> _Supplied data_:

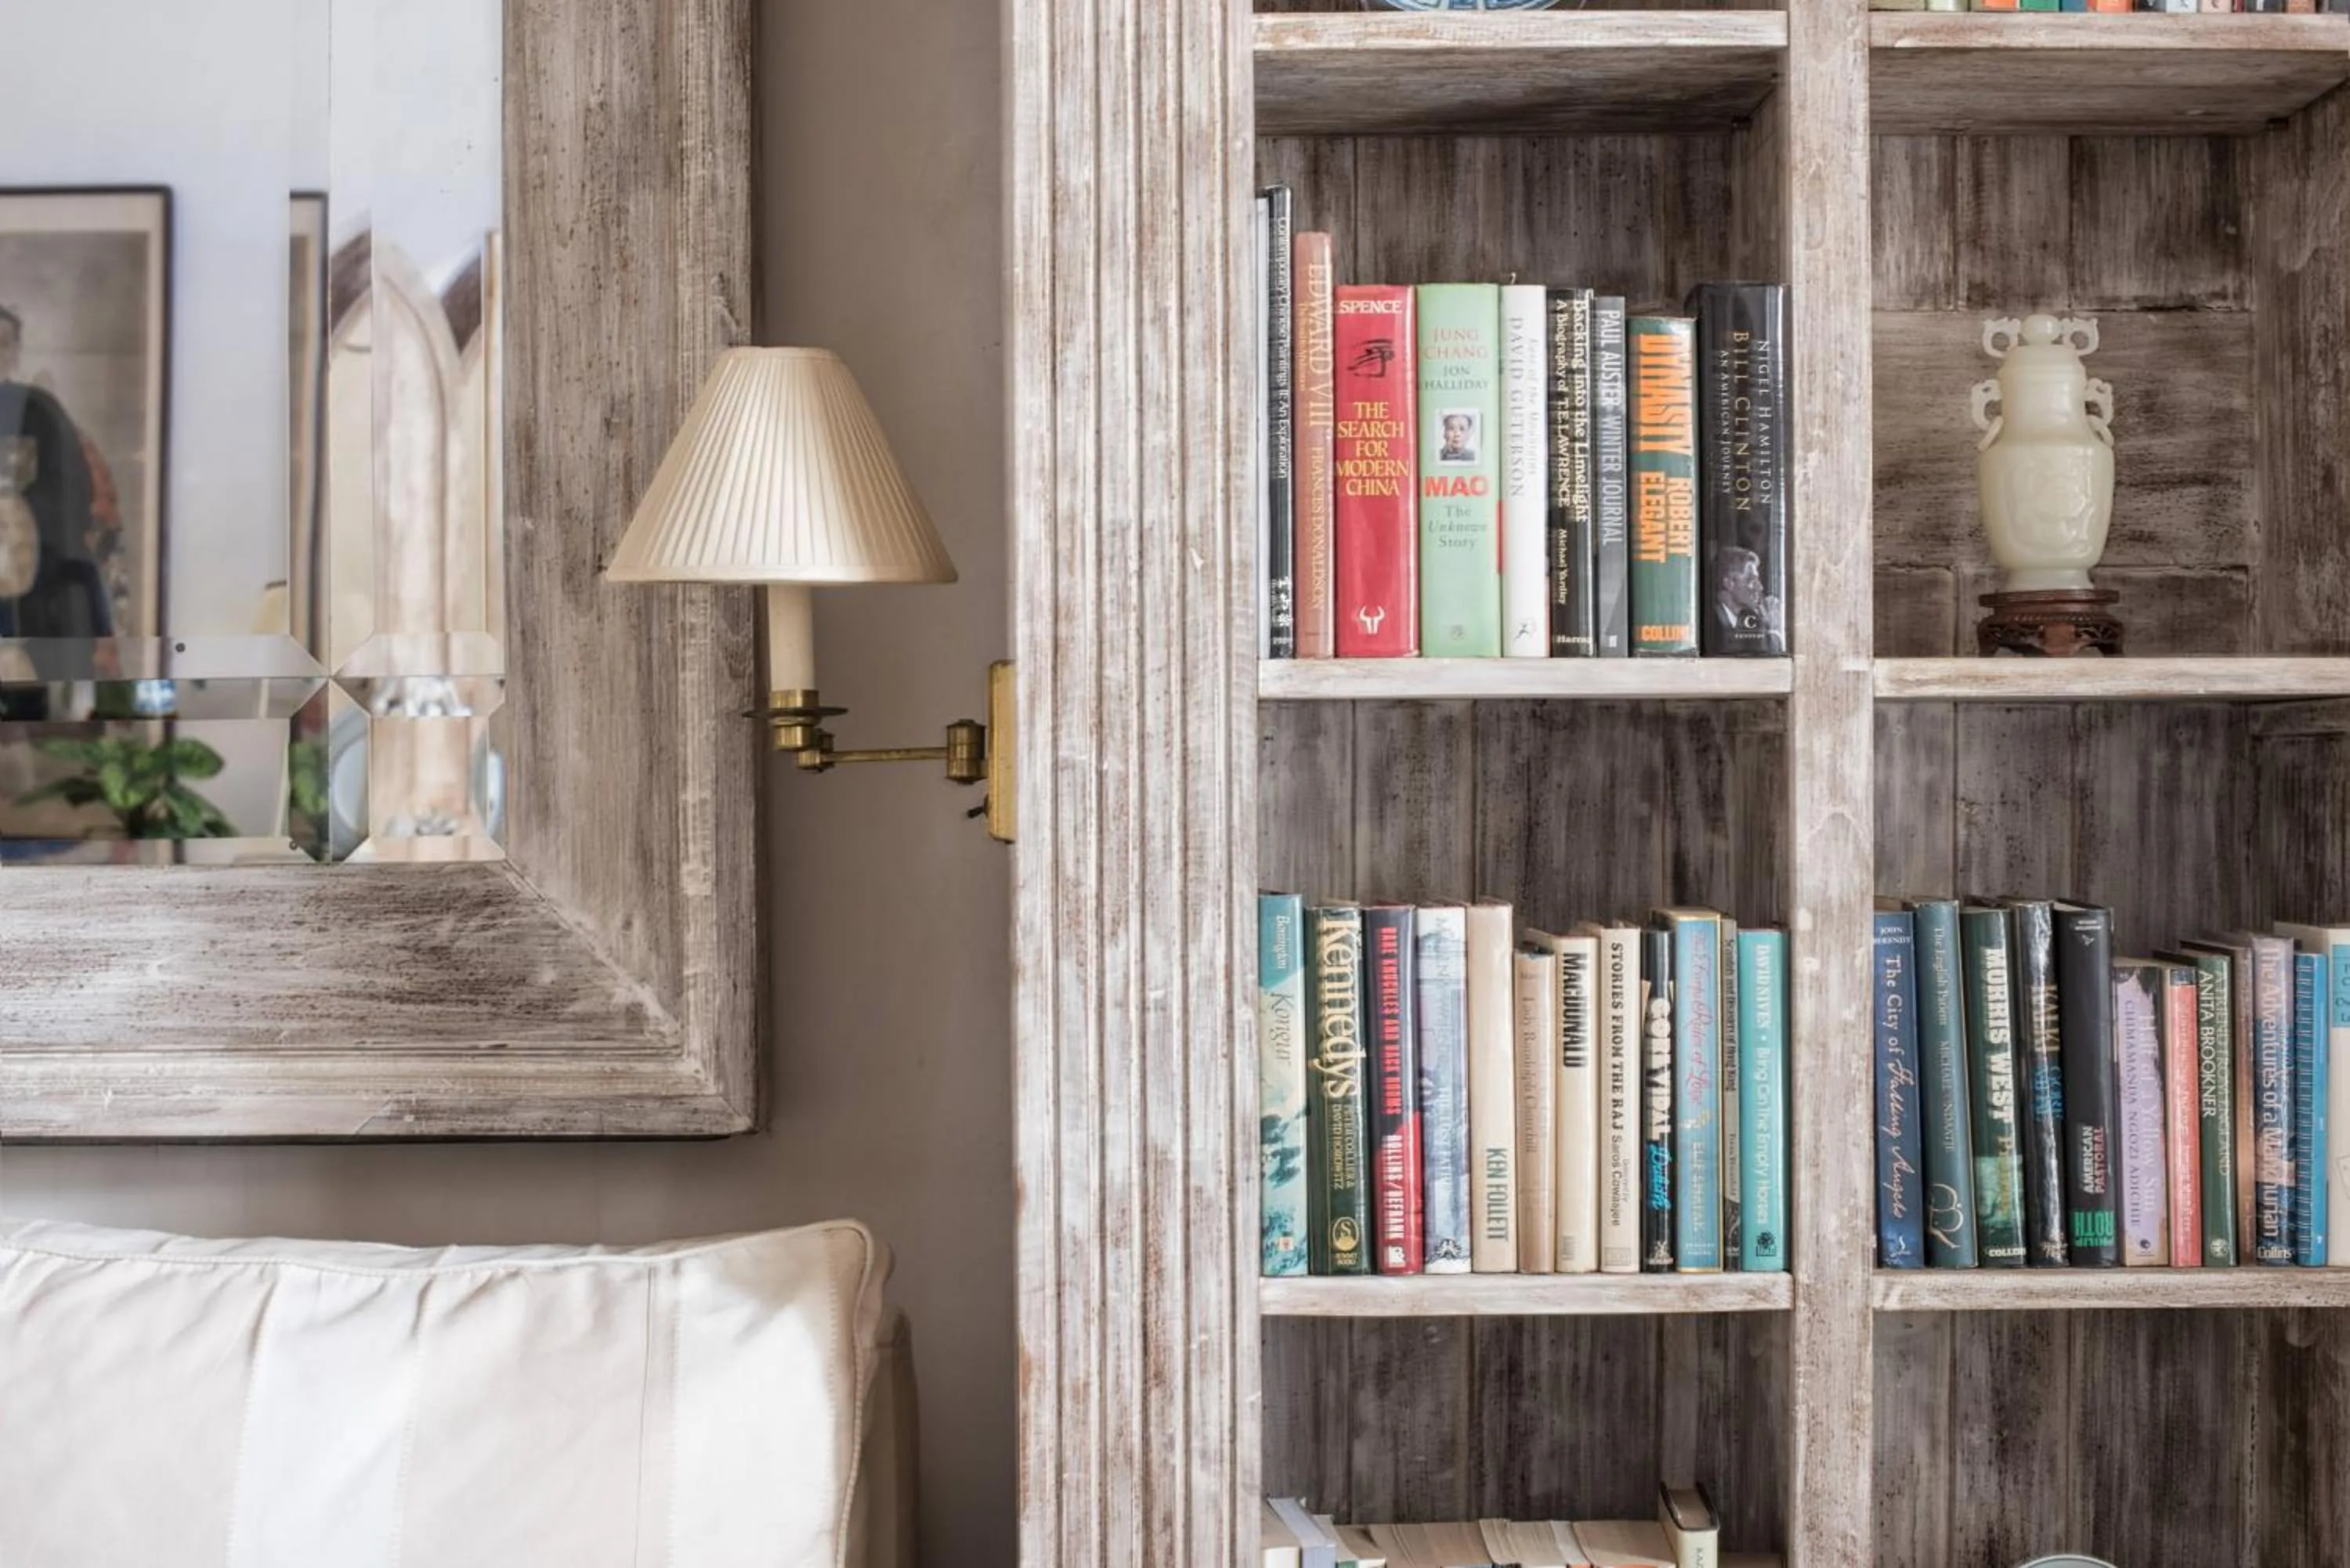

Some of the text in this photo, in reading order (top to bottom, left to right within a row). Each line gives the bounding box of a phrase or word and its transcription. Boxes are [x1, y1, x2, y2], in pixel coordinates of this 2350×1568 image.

[1339, 300, 1402, 313] SPENCE
[1556, 300, 1569, 311] A
[1309, 263, 1333, 427] EDWARD VIII
[1423, 347, 1488, 359] CHANG
[1434, 327, 1479, 342] JUNG
[1555, 314, 1569, 377] Biography
[1421, 379, 1488, 390] HALLIDAY
[1442, 365, 1472, 378] JON
[1559, 379, 1569, 392] of
[1354, 402, 1389, 418] THE
[1509, 316, 1525, 497] DAVID GUTERSON
[1572, 299, 1590, 522] Backing into the Limelight
[1640, 334, 1693, 457] DYNASTY
[1337, 421, 1405, 438] SEARCH
[1600, 310, 1625, 546] PAUL AUSTER WINTER JOURNAL
[1720, 351, 1731, 494] AN AMERICAN JOURNEY
[1733, 331, 1752, 511] BILL CLINTON
[1758, 341, 1773, 504] NIGEL HAMILTON
[1277, 420, 1289, 479] Exploration
[1336, 460, 1409, 477] MODERN
[1356, 439, 1389, 457] FOR
[1346, 479, 1400, 497] CHINA
[1424, 476, 1488, 497] MAO
[1311, 446, 1325, 611] FRANCES DONALDSON
[1427, 520, 1487, 532] Unknown
[1446, 505, 1472, 518] The
[1640, 471, 1667, 563] ELEGANT
[1667, 477, 1694, 558] ROBERT
[1439, 536, 1476, 549] Story
[1558, 529, 1568, 567] Michael
[1933, 926, 1945, 947] The
[1611, 942, 1623, 1010] STORIES
[1755, 945, 1771, 985] DAVID
[1932, 950, 1949, 987] English
[1313, 918, 1366, 1097] Kennedys
[1380, 927, 1403, 1115] BARE KNUCKLES AND BACK ROOMS
[1756, 987, 1772, 1028] NIVEN
[1611, 1015, 1624, 1057] FROM
[1985, 948, 2016, 1123] MORRIS WEST
[2200, 970, 2217, 1118] ANITA BROOKNER
[1611, 1061, 1624, 1094] THE
[1757, 1083, 1771, 1105] On
[1882, 954, 1915, 1218] The City of Falling Angels
[2261, 948, 2285, 1237] The Adventures of a Manchurian
[1332, 1104, 1343, 1135] DAVID
[1611, 1098, 1624, 1130] RAJ
[1650, 1069, 1672, 1141] VIDAL
[2124, 1000, 2142, 1227] CHIMAMANDA NGOZI ADICHIE
[1611, 1134, 1622, 1168] Saros
[1752, 1133, 1771, 1176] Empty
[2140, 1104, 2161, 1166] Yellow
[2081, 1125, 2094, 1194] AMERICAN
[2093, 1125, 2106, 1194] PASTORAL
[1486, 1147, 1509, 1242] KEN FOLLETT
[2142, 1176, 2162, 1212] Sun
[2074, 1210, 2115, 1237] ROTH

> _Problem to solve_: Show all lines from the listing above in which "AMERICAN" appears.

> _Response_:
[1720, 351, 1731, 494] AN AMERICAN JOURNEY
[2081, 1125, 2094, 1194] AMERICAN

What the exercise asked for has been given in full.